Grant Recipients Grants to Artists Visual Arts 2010

Fia Backström

A portrait of Fia Backstrom in front of a wood plank wall and a wooden box on her right. She has medium length blonde hair and wears a black long sleeved shirt and a blue scarf. On her lap, she holds a piece of paper with illegible writing.
  • 2010 Grants to Artists
  • Visual Arts
  • Visual Artist
  • Born Åland Islands, Finland, 1970
  • Lives in New York, NY

The grant gave me the time and the freedom to focus on my work in a way not tied up to productivity, pressure, or economic institutions per se, which must be the best gift any artist can receive.
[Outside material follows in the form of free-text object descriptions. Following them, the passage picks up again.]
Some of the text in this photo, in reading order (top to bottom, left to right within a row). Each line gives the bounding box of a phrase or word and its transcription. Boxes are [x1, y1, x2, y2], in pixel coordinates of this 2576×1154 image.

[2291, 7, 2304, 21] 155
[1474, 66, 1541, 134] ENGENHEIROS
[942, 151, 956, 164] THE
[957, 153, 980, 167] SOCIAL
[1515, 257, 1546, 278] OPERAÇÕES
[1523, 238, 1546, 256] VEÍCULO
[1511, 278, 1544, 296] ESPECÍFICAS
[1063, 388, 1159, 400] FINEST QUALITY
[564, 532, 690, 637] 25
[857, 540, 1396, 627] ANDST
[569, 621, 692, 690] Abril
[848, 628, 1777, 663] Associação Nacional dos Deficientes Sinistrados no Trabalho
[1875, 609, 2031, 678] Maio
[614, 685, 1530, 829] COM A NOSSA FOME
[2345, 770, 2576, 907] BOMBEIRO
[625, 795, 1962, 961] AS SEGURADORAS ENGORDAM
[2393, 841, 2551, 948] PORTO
- Fia Backström, December 3, 2010

Artist Statement

Luring language reigns rampant and generic, while iconoclastic moves on the image abound. I can't smoke you out, because smoking indoors is not permitted. This carpet of slipping senses, handy words for twisted meanings and cunning usage—a visceral occupation of territory for U.S. to inhabit. So Words, Don't Fail Me Now!
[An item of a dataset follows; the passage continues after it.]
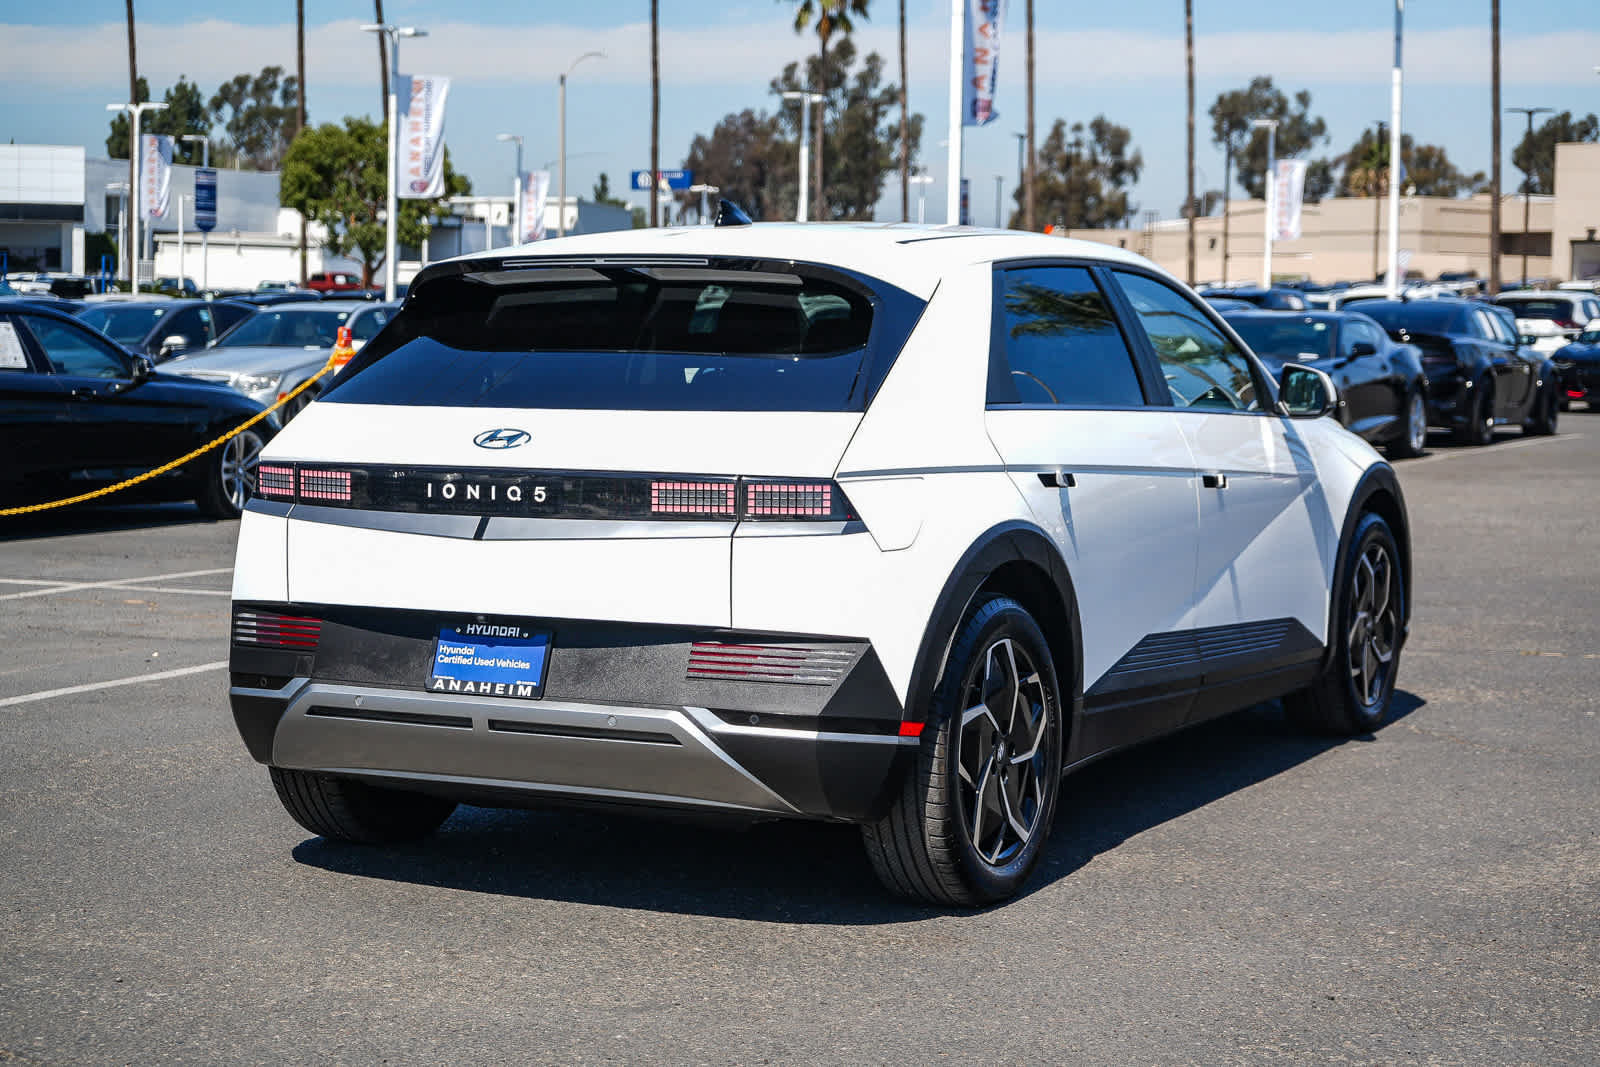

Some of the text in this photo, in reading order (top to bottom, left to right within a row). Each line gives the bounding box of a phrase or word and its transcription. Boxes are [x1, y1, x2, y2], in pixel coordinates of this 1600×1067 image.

These are the bankrupt words of the undermined rhetoric no longer yours: a for agency, f for freedom, r for resistance.

Exceptions made for CO-rporations or your CO-operative spirit turning them into secret mantras for entertainment—a for Parisian model agence or f as in F U Calvin Klein far out signification. R as in rotten rhubarb pie, somehow anti-slogans enter the ads. Language development from think tank to focus group, finding selling words for a movement of merchandizing ideas. The right name is everything!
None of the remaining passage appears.